Joint to joint of it, sinew to sinew …
The places I dream paint a landscape
of griefs near and far, labored and
puckered by the dead, the lost
and what was too barren to forget.
My two brothers often, one long dead,
the other quite recent, accompanying
me on streets so late in the evernight.
Haunting the rooms where I’m young again
making eye contact from vigorish tombs.
Often I’m back at work in that corporate HR
job in the newspaper I left 30 years ago
before it shrank beyond ruin’s Rome.
My old boss Mary the empress of that,
smirking at how my labors are dirt.
She’s still alive, I think, but gone in
dreams the same as my dead,
my excarnate career living on as
Dame Memory trudges me to the exits.
I wish her well, as I do my mother whose
name she shares as do the mother
and lover of Jesus, all them somehow
that shadowy smile back of the cave
ever turning so wearily to go.
A landscape of lamentation then,
my narrow bed a cursus for parading
past memorials of the dead.
Last night I was back in the bed of
my second great love, the one who
broke my yearning heart hardest
and taught me first things about
grief. How wondrous strange to be
that close again, intimately caressing
every bloody thorn she offered
consubstantial with losing love.
She didn’t have time for me,
couldn’t talk even fleetingly,
wouldn’t yield nipple or kiss
or even breath to liven my dread.
Besides, her mother was in the
next room and sure to wake
from hankypanky by the dead.
The two shared the same name
so I couldn’t tell if it was the past
or my fate addling that lost furtive
berth which my ancestors were
hubbubing from below, trying
to remember what fucking felt like
and crying for one nip of lost love.
But morning was approaching and
I had to get back to my mother’s house
to get ready to work and have morning
coffee with my wife of thirty years.
It broke my heart leaving that room
again after fifty years, emerging
from their house with first light
defining a passage grave’s entrance
up on a hill overlooking the Boyne.
My shoes rotted, awful conveyance
for ski-poling home. The sun rising
just like it did up from the Atlantic
when that woman and I walked on
Cocoa Beach in late August 1982,
up from our greatest night, leaving
behind a motel room’s sweaty ruin
of tossed bedsheets, emptied Bud
bottles and a flaccid litter of Fourex.
One must have leaked because
a 3-year-old boy taunted me as I left,
jeering my poling sadness and throwing
sand from that buried beach.
Maybe she did get pregnant if
she had then that toddler would have
been her fifth abortion — weary host —
or maybe he was everling proof
of our forsaken embrace, just
like 42 year old man I found through
DNA testing who became my older
brother’s unknown son. They had
a chance to meet and talk out their
lost life for a weekend before my
brother died of the cancer. With dreams,
you never quite know: But I find rich
company with my grief when I dream —
all those shadowy wounded figures
lucent and gazing from their dimmed sill
until I wake, adrift on sunny sides still.

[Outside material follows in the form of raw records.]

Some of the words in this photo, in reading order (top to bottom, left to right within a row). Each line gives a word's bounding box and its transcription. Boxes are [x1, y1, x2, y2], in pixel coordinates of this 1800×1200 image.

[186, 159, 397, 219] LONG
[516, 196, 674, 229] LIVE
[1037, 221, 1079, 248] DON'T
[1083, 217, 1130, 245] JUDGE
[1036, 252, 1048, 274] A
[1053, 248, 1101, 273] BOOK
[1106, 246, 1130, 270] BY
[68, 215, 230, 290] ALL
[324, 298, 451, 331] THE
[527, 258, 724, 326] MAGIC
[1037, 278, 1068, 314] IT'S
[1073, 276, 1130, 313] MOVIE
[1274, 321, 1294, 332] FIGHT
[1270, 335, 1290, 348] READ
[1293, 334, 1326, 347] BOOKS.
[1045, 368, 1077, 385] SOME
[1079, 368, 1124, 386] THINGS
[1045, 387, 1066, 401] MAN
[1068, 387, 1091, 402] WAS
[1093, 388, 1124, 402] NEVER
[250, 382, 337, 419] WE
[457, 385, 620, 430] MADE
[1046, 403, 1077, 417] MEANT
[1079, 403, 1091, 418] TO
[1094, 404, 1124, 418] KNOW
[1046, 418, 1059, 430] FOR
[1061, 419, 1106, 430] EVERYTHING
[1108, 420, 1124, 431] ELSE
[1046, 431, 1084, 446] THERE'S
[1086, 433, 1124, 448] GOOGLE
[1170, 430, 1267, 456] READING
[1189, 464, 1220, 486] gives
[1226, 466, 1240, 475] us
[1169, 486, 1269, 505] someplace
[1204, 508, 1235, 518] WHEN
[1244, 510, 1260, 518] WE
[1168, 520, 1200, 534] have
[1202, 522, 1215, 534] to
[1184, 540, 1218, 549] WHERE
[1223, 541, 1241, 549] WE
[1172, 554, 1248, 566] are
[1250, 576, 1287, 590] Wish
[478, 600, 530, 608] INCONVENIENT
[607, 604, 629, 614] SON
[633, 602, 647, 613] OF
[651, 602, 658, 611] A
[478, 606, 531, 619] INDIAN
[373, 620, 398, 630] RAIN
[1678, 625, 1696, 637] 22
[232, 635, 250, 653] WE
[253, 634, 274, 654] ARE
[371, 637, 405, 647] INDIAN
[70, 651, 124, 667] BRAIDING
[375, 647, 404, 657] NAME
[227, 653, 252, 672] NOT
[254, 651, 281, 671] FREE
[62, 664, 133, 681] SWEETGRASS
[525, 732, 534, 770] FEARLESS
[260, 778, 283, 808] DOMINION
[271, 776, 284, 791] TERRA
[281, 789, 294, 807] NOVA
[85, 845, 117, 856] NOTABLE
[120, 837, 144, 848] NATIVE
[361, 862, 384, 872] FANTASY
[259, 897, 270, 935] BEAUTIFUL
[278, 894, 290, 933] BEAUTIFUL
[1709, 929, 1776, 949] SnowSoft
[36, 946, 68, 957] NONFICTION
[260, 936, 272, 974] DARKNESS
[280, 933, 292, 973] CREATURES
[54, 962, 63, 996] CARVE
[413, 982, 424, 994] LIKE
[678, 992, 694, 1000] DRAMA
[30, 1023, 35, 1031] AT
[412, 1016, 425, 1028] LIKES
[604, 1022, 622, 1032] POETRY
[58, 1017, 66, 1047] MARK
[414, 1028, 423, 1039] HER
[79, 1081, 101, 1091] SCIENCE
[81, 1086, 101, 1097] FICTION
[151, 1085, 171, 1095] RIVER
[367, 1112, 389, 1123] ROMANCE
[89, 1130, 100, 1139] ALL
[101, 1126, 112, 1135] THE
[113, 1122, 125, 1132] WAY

With every stone silent up on Tomb Hill.
January 2026
An additional response to Sanaa’s Dream Interpretation challenge,
this one submitted to Open Link Night #400 at D’Verse.
Notes
1. The epigraph is a charm used by Míach, son of the great Tuatha da Danann physician Dian Cecht. After Núadu loses his arm in of the Battle of Mag Tuired and with it his right to rule as king, Dian Cecht fashioned a silver arm for the king. His son Míach, also a physician, actually heals the arm of Nuadú over a period of three days, using herbs and charms and assisted by his sister Airmid. In a fit of jealous rage, Dian Cecht struck Míach three times in the head, eventually killing him. Included in the medieval Gaelic tale Cath Maige Tuired, the charm may have an ancestry dating back to Neolithic rites for the dead.
2. Joanna Huckins MacGugan writes in “Lamentation and Landscape: constructing commemorated space in three Irish texts,”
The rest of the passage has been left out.